Listed records START
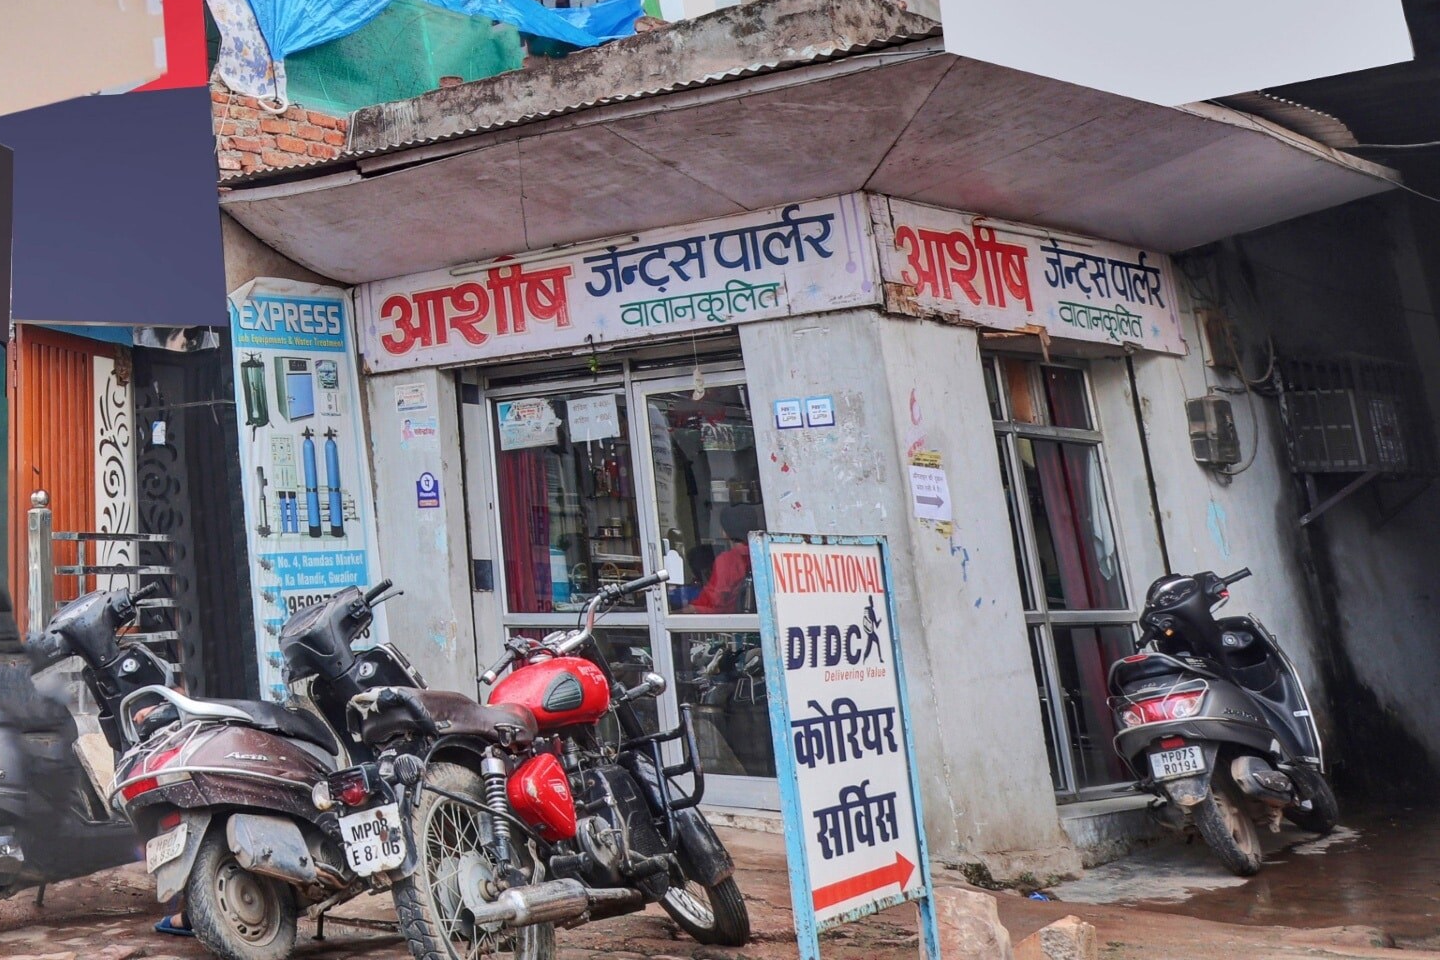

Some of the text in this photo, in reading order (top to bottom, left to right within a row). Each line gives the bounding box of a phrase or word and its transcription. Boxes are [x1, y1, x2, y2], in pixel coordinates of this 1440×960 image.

[379, 256, 573, 354] आशीष
[710, 204, 834, 271] पार्लर
[896, 217, 1034, 312] आशीष
[1108, 251, 1165, 308] पार्लर
[240, 300, 340, 335] EXPRESS
[278, 556, 292, 569] No.
[302, 553, 333, 567] Ramdas
[336, 553, 363, 566] Market
[328, 572, 358, 583] Gwalior
[785, 624, 862, 670] DTDC
[824, 666, 886, 682] Delivering Value
[791, 697, 898, 769] कोरियर
[1161, 748, 1195, 763] MP07S
[351, 818, 389, 841] MP08
[813, 779, 899, 860] सर्विस
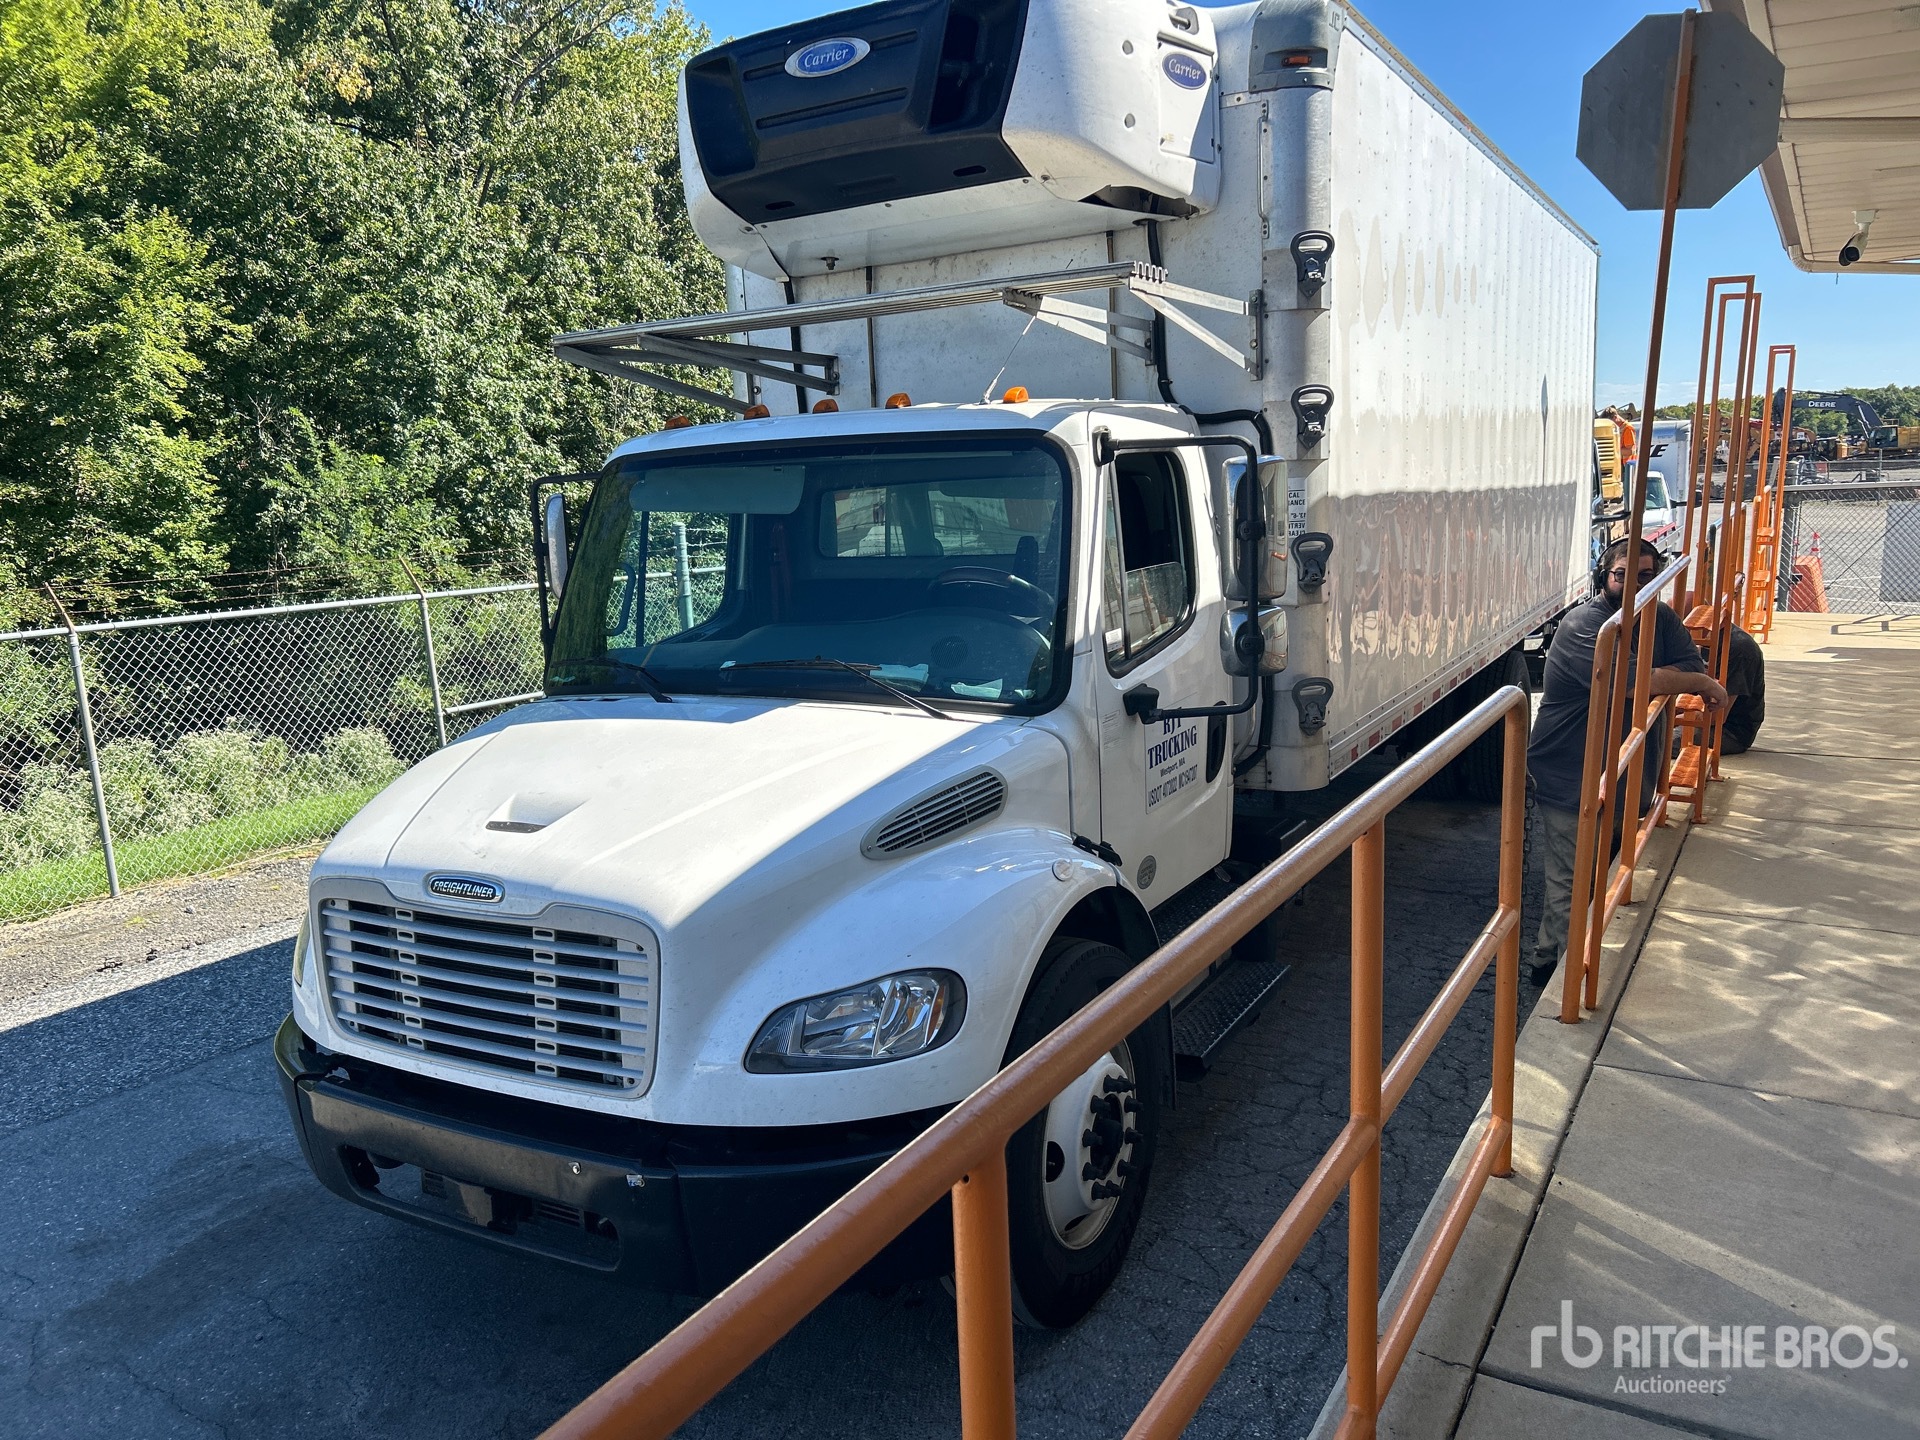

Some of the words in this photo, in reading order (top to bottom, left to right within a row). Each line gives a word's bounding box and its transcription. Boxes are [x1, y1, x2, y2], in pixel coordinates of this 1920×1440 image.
Listed records END
No pictures belong in the copy; output every record exactly.

• _Reply to the task_:
Some of the text in this photo, in reading order (top to bottom, left to right within a row). Each line gives the bounding box of a phrase or word and its transcription. Boxes are [x1, y1, x2, y2], in pixel coordinates of this 1440×960 image.

[379, 256, 573, 354] आशीष
[710, 204, 834, 271] पार्लर
[896, 217, 1034, 312] आशीष
[1108, 251, 1165, 308] पार्लर
[240, 300, 340, 335] EXPRESS
[278, 556, 292, 569] No.
[302, 553, 333, 567] Ramdas
[336, 553, 363, 566] Market
[328, 572, 358, 583] Gwalior
[785, 624, 862, 670] DTDC
[824, 666, 886, 682] Delivering Value
[791, 697, 898, 769] कोरियर
[1161, 748, 1195, 763] MP07S
[351, 818, 389, 841] MP08
[813, 779, 899, 860] सर्विस

Some of the words in this photo, in reading order (top to bottom, left to right within a row). Each line gives a word's bounding box and its transcription. Boxes are [x1, y1, x2, y2], in pixel coordinates of this 1920×1440 image.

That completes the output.